Human Amusements by Wayne Johnston
(Anchor Books) $13.95

Americans have two possible reactions to the obvious superiority of Canada: We can laugh at our goofy, harmless neighbor (as if Don Knotts were a country); or we can simply ignore it, as dwelling too long on its better health care, lower crime rates, and preponderance of legal drugs is, for most thinking Americans, simply painful. At least, I can think of no other reason for Wayne Johnston, well-regarded as one of Canada's greatest novelists and virtually ignored in America, to fly as far under the radar as he does.

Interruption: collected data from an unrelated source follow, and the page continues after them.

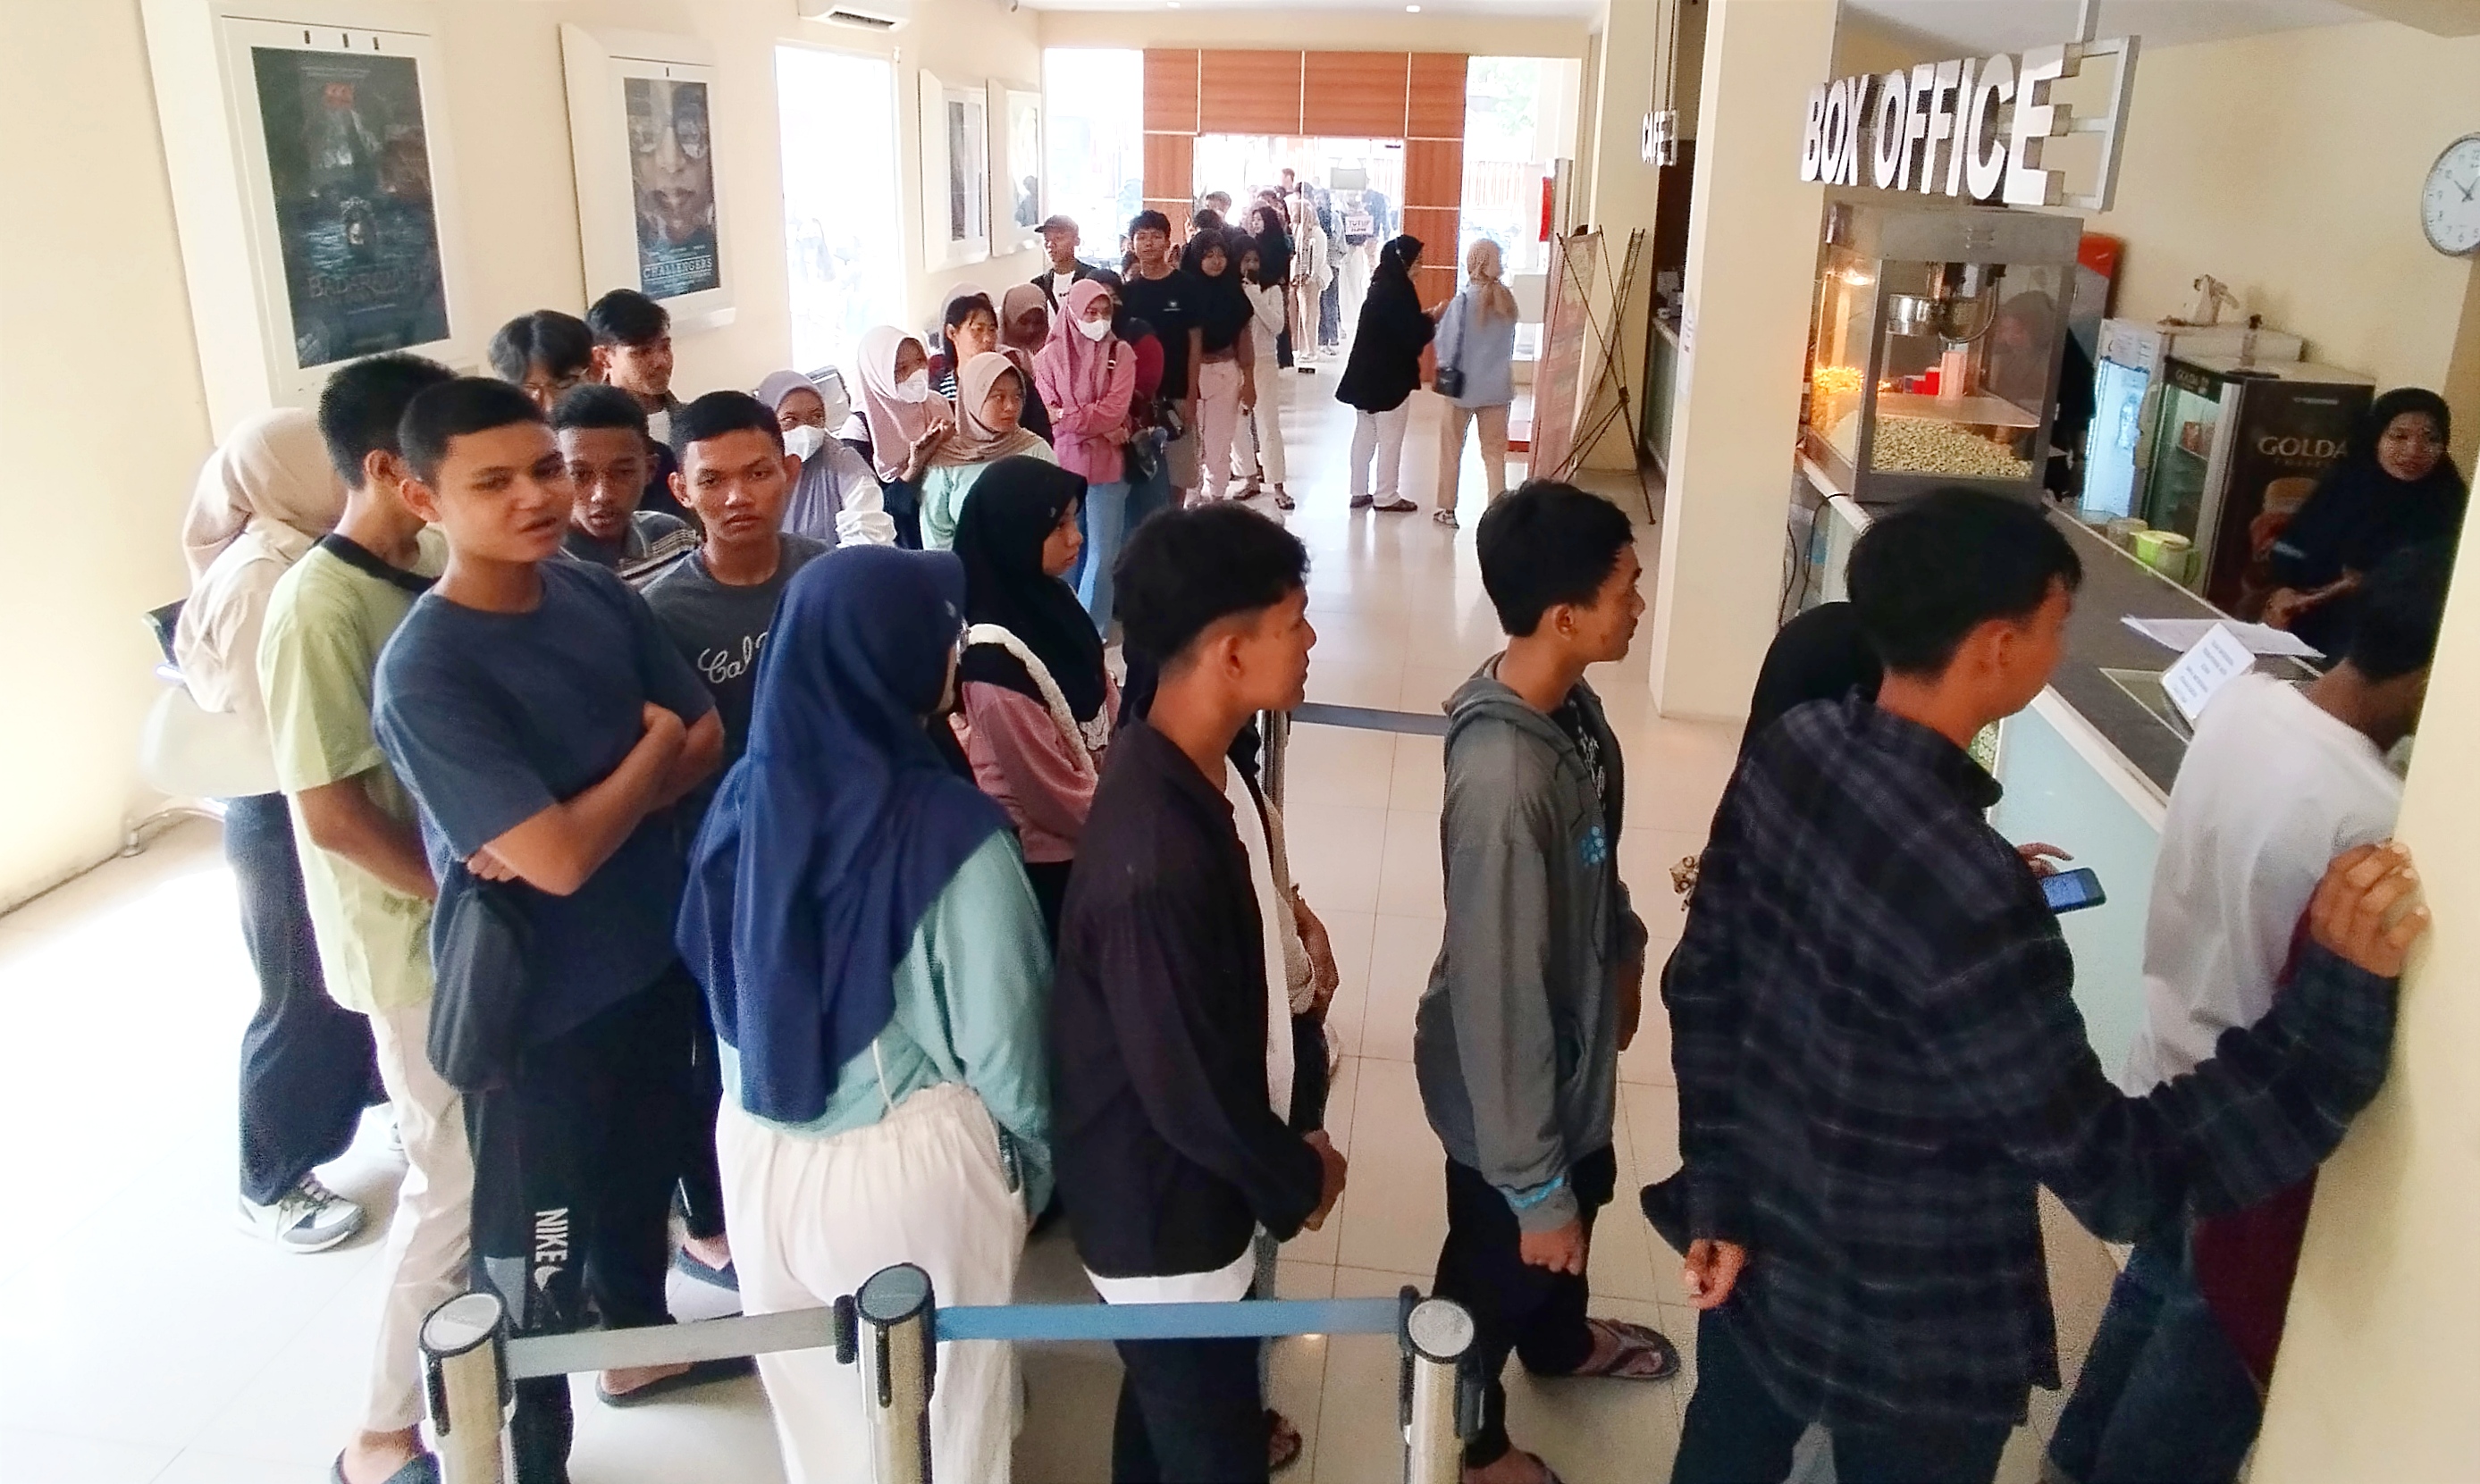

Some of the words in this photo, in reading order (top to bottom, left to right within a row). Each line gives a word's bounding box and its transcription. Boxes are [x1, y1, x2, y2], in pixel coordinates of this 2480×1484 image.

[1800, 73, 1870, 186] BOX
[1874, 43, 2066, 205] OFFICE
[643, 257, 713, 280] CHALLENGERS
[2257, 435, 2350, 459] GOLDA
[534, 1207, 569, 1263] NIKE

After publishing seven books and winning a pile of Canadian literary prizes, Johnston is finally beginning to get some attention in America. Anchor Books is reissuing his 1994 novel Human Amusements, a witty, engaging book that is equal parts bildungsroman, family history, and social commentary. During the Golden Age of television, Henry Prendergast is recruited to star in his mother's television show, a J. P. Patches-esque enterprise called Rumpus Room, as a giant, moralistic bee. The success of Rumpus Room leads Henry's mother to create another, yet even more improbable show, about the creator of television, Philo Farnsworth, also starring the young and increasingly isolated Henry. The Philo Farnsworth Show attracts fans of a particularly extreme personality type. "Philosophers," as they call themselves, dress up like the show's characters, hold conventions, stake out the Prendergast home, and generally act like their real-life Harry Potter equivalents. What's spooky is that this book dates from 1994, several years before people were selling J. K. Rowling's yearbook on eBay for a king's ransom, proving two things: that cultish, obsessive tendencies are eternal human characteristics; and that once again a Canadian has beaten us to forecasting a cultural trend.